Kimchi is served in restaurants and with daily meals and is available in Asian markets such as Korean chain H Mart, which has several variations in their kimchi bars. Many Korean households have a separate kimchi refrigerator specially designed to meet temperature storage requirements and aid the fermentation process.

Bing Gre Kimchi Pride and Foods owner James Lee watches over napa cabbage, which was soaked in salt water overnight at the beginning of the kimchi-making process.  The Bing Gre factory in Prospect Park, New Jersey prepares, pours, and distributes £ 37,000 of traditional Korean food a week.

Korean festival schedule

Visitors to the Bergen County Festival, which runs from 10 am to 10 pm, have the opportunity to make their own kimchi. The event is free and public.

The congregation celebrates Chuseok, a South Korean holiday that falls on the 15th day of the eighth month of the lunar calendar on the full moon, which this year was on September 22nd. It’s a Korean and Asian Thanksgiving that is celebrated by eating moon cake.

The event features cultural performances, K-pop dance and singing competitions, and performances by The Korean singers Changhwan Lee and Na Unha. I Love Dance, the K-pop group, will also perform.

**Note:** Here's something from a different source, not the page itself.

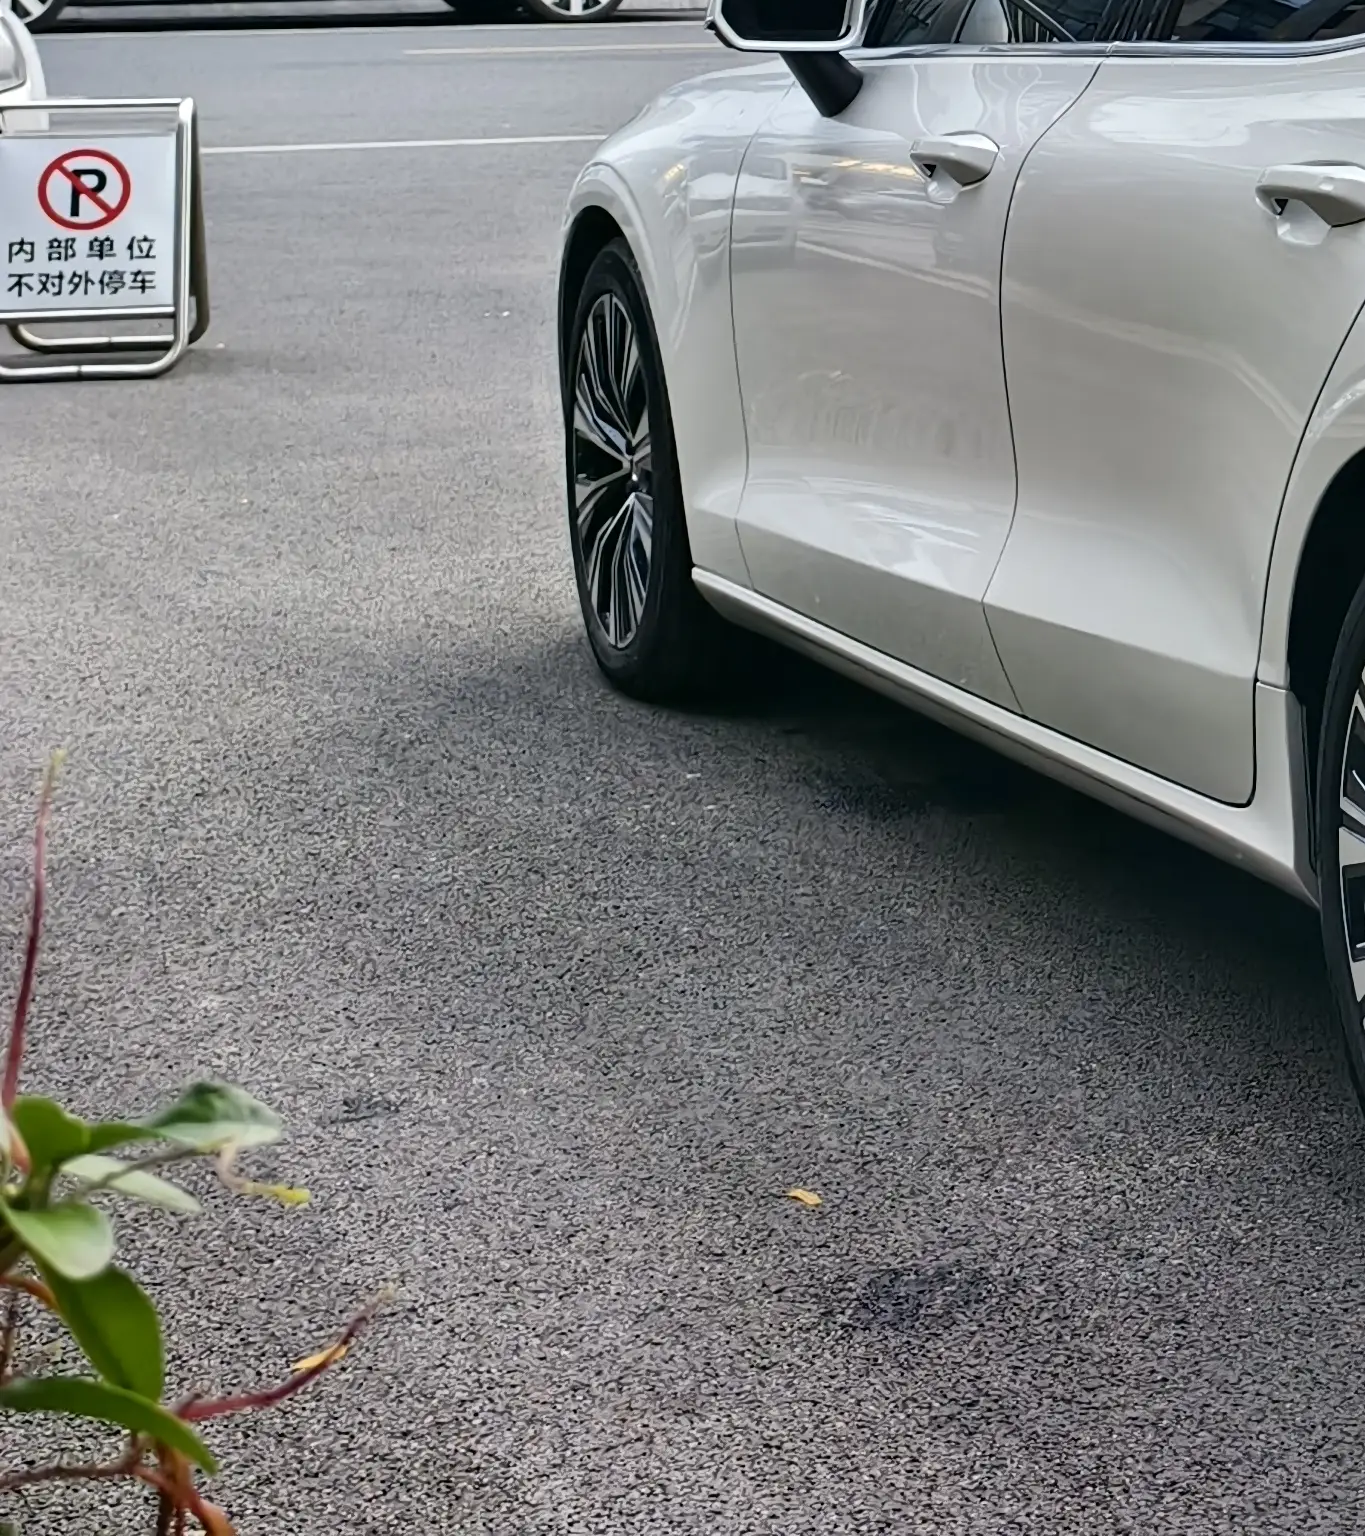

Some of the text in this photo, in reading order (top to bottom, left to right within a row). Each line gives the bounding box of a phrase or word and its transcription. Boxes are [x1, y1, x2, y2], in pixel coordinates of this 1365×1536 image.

This is the 20th year Koreans are celebrating a fall festival in New Jersey, Son said. Last year’s celebrations were muted with about 200 attendees due to COVID-19, he said. More than 1,000 are expected this year, with kimchi making being the new twist.

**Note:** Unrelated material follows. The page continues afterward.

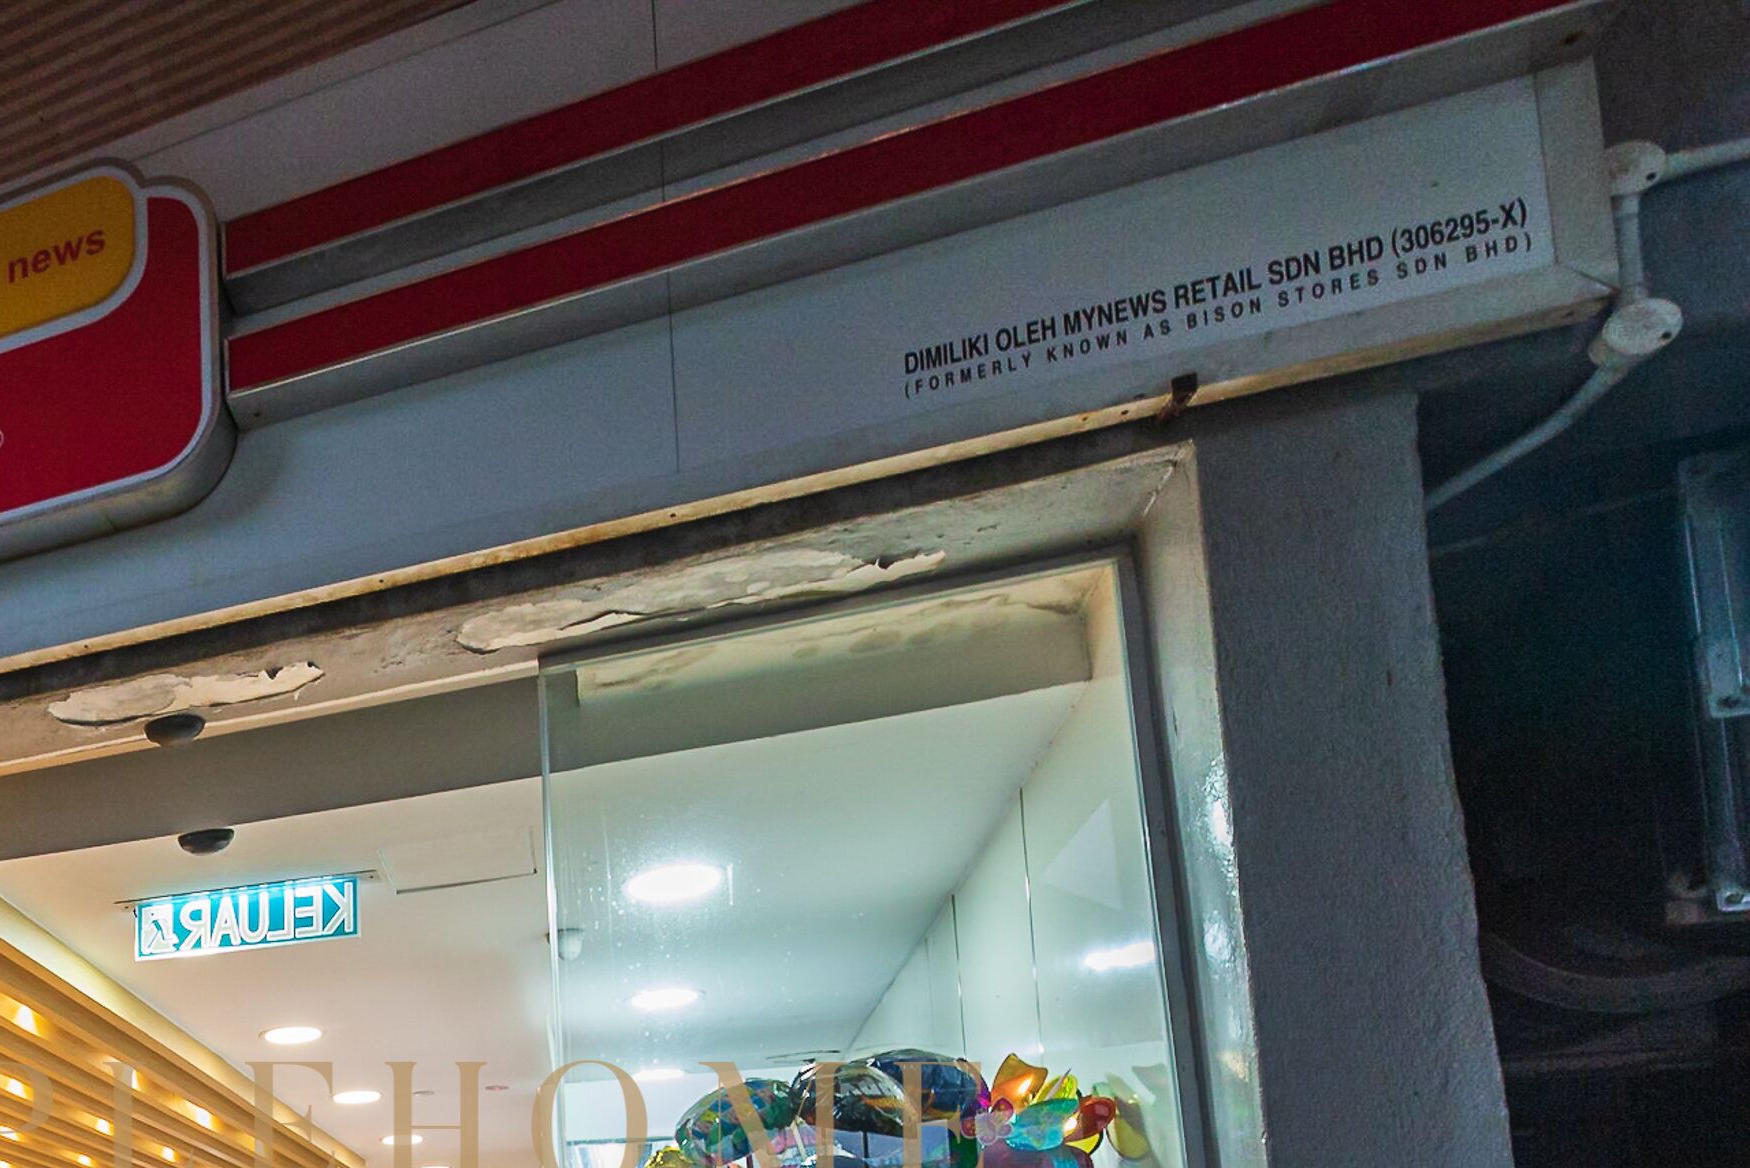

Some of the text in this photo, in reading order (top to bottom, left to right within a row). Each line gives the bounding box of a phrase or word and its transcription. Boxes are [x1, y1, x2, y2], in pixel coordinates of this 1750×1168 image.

[7, 226, 107, 284] news
[903, 197, 1528, 375] DIMILIKI OLEH MYNEWS RETAIL SDN BHD (306295-X)
[904, 232, 1533, 399] (FORMERLY KNOWN AS BISON STORES SDN BHD)

The goal is to celebrate Korean culture, said Michelle Song, executive vice president of KAANJ. It is a voluntary commitment in which around 50 members contribute their time and expertise. The organization is keeping the event open to the public while charging sellers fees, Song said, adding that the board would be happy to be financially balanced.

Korean culture is very fashionable right now, she said, pointing to the popularity of K-pop, K-beauty, and K-drama. Kimchi’s day also seems to have come.